Table 1. Parameter estimates for the final multivariate model of laCFR.

Variable Coefficient 95% CI p-value
Intercept -4.5 (-5.1, -3.9) <0.001
Percentage population aged 65+ 0.044 (0.030, 0.059) <0.001
Percentage population Black or African American 0.0097 (0.0063, 0.013) <0.001
Hospitals per 10,000 persons -0.39 (-0.59, -0.19) <0.001
Asthma prevalence 0.091 (0.039, 0.14) <0.001
Total number of hospitals 0.031 (0.0099, 0.054) 0.0017
Ban on religious gatherings indicator -0.13 (-0.24, -0.030) 0.011
Percentage housing stock that were mobile homes -0.0079 (-0.015, -0.0011) 0.024
Percentage population without health insurance -0.015 (-0.029, -0.00021) 0.052

Fig 3. Percentage change in COVID-19 laCFR given a 1 unit increase in the variable for each individual variable (shown in black dots) and 95% confidence interval (shown in red), using training data.

Fig 3

Discussion

In this ecological study of mortality due to SARS-CoV-2 infection during the first wave of COVID-19 in the US, we found that county-level laCFR was significantly associated with eight variables. Four variables–banning religious gathering, proportion of mobile homes, hospitals per 10,000 persons, and proportion of uninsured individuals in a county–were associated with decreased laCFR. Four variables–percentage of population over age 65, total number of hospitals per county, prevalence of asthma, and percentage of population BAA–were associated with increased laCFR. Each variable provided unique insights into factors that may be worth considering for county-level COVID-19 response efforts.

Inverse association with case-fatality rate

Our model indicated a 13% reduction in the average laCFR for counties that banned religious gatherings compared to counties that did not. Gatherings often involve dense mixing of people in a confined space, sometimes over long periods of time [42], which drives COVID-19 transmission [43]. Interventions targeting increased physical distancing and limiting contact were introduced in some countries, including the closure of schools, places of worship, malls, and offices [42]. Our model suggests that specifically exempting religious gatherings from bans may increase the laCFR, consistent with the combination of findings that [1] religious gatherings across the globe were linked to COVID-19 superspreader events [44] and [2] older Americans (who are more likely to attend religious services than younger Americans [45]) are at increased risk of death due to COVID-19.

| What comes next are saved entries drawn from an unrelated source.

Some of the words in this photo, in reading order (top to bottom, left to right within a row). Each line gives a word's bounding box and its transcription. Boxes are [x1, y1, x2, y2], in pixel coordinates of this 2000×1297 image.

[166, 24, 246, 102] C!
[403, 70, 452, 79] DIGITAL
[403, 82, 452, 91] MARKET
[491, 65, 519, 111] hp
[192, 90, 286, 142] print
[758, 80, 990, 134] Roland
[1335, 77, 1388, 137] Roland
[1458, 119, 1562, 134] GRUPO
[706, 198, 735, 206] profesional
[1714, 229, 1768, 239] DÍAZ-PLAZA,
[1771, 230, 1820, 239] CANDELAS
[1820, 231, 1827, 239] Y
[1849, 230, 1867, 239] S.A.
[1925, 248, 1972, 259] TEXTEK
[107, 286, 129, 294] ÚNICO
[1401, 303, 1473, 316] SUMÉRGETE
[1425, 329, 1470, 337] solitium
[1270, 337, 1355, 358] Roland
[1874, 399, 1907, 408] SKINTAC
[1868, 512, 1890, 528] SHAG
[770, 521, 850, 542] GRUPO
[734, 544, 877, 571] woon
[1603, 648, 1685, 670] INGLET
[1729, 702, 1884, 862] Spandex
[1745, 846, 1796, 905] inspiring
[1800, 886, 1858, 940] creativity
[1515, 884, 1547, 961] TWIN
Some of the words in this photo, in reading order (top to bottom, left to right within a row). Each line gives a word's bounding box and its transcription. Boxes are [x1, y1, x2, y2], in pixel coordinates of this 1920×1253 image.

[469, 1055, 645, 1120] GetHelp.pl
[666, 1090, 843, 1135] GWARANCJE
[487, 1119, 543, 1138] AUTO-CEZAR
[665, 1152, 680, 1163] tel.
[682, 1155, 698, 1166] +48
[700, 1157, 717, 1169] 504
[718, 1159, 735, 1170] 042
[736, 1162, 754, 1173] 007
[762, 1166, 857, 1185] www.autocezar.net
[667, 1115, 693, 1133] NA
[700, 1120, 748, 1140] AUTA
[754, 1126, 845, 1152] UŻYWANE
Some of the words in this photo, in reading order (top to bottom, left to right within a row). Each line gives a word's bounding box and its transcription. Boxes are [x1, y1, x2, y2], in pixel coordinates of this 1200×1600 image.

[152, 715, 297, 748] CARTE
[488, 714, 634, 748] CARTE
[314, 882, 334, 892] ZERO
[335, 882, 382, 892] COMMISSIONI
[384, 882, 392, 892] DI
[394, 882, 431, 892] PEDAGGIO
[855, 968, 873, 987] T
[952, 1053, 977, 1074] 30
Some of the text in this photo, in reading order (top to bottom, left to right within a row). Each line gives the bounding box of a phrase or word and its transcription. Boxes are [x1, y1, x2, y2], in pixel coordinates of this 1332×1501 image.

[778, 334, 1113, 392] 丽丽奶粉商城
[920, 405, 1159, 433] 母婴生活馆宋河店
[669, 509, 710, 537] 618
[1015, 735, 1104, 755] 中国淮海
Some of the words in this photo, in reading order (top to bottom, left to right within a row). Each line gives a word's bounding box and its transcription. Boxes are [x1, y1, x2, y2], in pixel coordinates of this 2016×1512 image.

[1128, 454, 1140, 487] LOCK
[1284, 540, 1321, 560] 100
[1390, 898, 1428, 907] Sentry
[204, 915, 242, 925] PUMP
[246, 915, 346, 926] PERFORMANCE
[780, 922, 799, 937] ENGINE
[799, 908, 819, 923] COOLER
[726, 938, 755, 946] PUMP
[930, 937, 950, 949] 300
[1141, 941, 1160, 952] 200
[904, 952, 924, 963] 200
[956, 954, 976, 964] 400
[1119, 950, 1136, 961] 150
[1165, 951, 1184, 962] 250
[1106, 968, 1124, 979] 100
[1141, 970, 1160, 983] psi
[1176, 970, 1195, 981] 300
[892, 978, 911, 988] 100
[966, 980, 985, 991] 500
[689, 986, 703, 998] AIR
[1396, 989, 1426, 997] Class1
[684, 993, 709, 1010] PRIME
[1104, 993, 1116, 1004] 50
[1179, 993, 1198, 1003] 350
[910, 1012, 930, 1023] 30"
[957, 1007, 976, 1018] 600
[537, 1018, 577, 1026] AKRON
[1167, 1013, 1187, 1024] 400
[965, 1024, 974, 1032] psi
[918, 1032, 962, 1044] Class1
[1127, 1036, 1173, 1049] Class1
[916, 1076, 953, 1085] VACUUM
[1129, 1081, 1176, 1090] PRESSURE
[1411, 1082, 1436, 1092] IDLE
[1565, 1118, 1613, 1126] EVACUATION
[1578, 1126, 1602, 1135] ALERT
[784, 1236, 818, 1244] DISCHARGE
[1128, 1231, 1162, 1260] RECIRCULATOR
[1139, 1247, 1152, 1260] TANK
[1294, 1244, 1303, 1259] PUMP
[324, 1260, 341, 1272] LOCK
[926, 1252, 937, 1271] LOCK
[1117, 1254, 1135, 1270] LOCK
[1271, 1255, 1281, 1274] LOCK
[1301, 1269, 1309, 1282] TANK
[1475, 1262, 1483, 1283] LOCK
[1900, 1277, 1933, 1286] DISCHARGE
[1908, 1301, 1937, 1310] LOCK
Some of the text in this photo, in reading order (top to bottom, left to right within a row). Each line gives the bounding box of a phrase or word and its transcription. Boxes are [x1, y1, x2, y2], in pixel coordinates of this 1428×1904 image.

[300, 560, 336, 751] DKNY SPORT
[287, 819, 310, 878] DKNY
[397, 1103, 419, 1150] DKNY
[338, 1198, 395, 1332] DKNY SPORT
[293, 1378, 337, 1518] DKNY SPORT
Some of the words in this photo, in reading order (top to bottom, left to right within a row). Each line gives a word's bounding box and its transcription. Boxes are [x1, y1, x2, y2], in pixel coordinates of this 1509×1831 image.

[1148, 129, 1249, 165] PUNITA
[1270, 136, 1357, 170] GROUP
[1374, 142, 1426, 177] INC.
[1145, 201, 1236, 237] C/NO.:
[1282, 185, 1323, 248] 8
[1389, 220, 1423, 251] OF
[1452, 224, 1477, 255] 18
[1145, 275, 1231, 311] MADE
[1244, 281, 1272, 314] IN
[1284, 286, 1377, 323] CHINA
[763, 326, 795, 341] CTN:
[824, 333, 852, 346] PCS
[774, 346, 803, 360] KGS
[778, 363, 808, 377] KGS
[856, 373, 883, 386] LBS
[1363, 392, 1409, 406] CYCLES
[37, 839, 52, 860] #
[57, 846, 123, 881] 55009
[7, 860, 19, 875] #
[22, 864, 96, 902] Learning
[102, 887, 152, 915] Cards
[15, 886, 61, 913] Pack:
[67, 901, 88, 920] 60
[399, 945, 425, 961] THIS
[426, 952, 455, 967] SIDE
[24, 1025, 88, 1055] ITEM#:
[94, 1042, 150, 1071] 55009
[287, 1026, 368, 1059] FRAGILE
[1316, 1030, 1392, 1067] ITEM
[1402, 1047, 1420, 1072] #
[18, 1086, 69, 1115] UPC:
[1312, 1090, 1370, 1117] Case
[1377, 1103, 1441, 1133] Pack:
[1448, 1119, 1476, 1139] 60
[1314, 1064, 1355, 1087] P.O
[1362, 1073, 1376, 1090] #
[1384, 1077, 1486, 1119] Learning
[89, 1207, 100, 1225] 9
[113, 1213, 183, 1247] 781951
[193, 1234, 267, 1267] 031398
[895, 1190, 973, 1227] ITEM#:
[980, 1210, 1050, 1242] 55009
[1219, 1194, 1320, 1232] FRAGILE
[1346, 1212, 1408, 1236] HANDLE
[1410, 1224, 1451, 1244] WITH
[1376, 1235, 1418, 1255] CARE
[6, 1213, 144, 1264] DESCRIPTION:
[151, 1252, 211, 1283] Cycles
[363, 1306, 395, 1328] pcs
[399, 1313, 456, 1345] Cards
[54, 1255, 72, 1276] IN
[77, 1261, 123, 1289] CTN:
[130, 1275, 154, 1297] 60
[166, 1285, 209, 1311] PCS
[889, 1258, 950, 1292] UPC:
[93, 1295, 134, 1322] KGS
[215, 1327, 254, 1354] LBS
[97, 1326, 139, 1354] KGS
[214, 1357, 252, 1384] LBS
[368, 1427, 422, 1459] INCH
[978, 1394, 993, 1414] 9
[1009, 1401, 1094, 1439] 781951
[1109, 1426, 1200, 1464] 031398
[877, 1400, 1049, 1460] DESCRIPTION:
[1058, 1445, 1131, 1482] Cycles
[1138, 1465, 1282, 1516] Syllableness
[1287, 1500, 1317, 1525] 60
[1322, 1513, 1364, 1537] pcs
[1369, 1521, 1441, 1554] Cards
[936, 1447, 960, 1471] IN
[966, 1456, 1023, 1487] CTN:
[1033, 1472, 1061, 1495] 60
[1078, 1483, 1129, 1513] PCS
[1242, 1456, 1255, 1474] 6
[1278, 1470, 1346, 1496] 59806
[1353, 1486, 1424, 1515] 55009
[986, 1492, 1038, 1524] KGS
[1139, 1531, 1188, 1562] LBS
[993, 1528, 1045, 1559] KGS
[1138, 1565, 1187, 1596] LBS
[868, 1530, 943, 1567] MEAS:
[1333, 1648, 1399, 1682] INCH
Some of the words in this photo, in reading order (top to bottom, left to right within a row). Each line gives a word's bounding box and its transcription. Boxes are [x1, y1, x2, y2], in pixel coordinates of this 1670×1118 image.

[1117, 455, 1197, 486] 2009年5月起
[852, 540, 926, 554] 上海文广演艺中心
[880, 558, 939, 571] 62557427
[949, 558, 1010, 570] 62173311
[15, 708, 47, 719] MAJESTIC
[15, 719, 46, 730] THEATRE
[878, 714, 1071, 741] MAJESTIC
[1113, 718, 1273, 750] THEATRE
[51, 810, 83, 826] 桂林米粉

The percentage of the population living in mobile homes was also associated with a decrease in laCFR. A 1% increase in mobile home living was associated with a 0.79% decrease in laCFR. While a small difference at first glance, it becomes more meaningful when considering the large variation in mobile home living across counties. Between counties at the 25th percentile of percentage living in mobile homes (4%) and 75th percentile (18%), the difference in the percentage of mobile home living correlated with an 11% decrease in laCFR. This might represent a built-environment effect, given that mobile homes have separate plumbing and ventilation unlike apartments and other multi-family residences. Recent work suggests that fecal aerosol transmission of SARS-CoV2 can occur [46]. Ventilation patterns in apartment complexes represent additional opportunities for transmission [47]. The benefit of separate units such as mobile homes may be especially important to low-income workers who are both more at risk of death from COVID19 due to increased chance of having a co-morbid condition and more likely to live in multi-family housing with maintenance issues [48].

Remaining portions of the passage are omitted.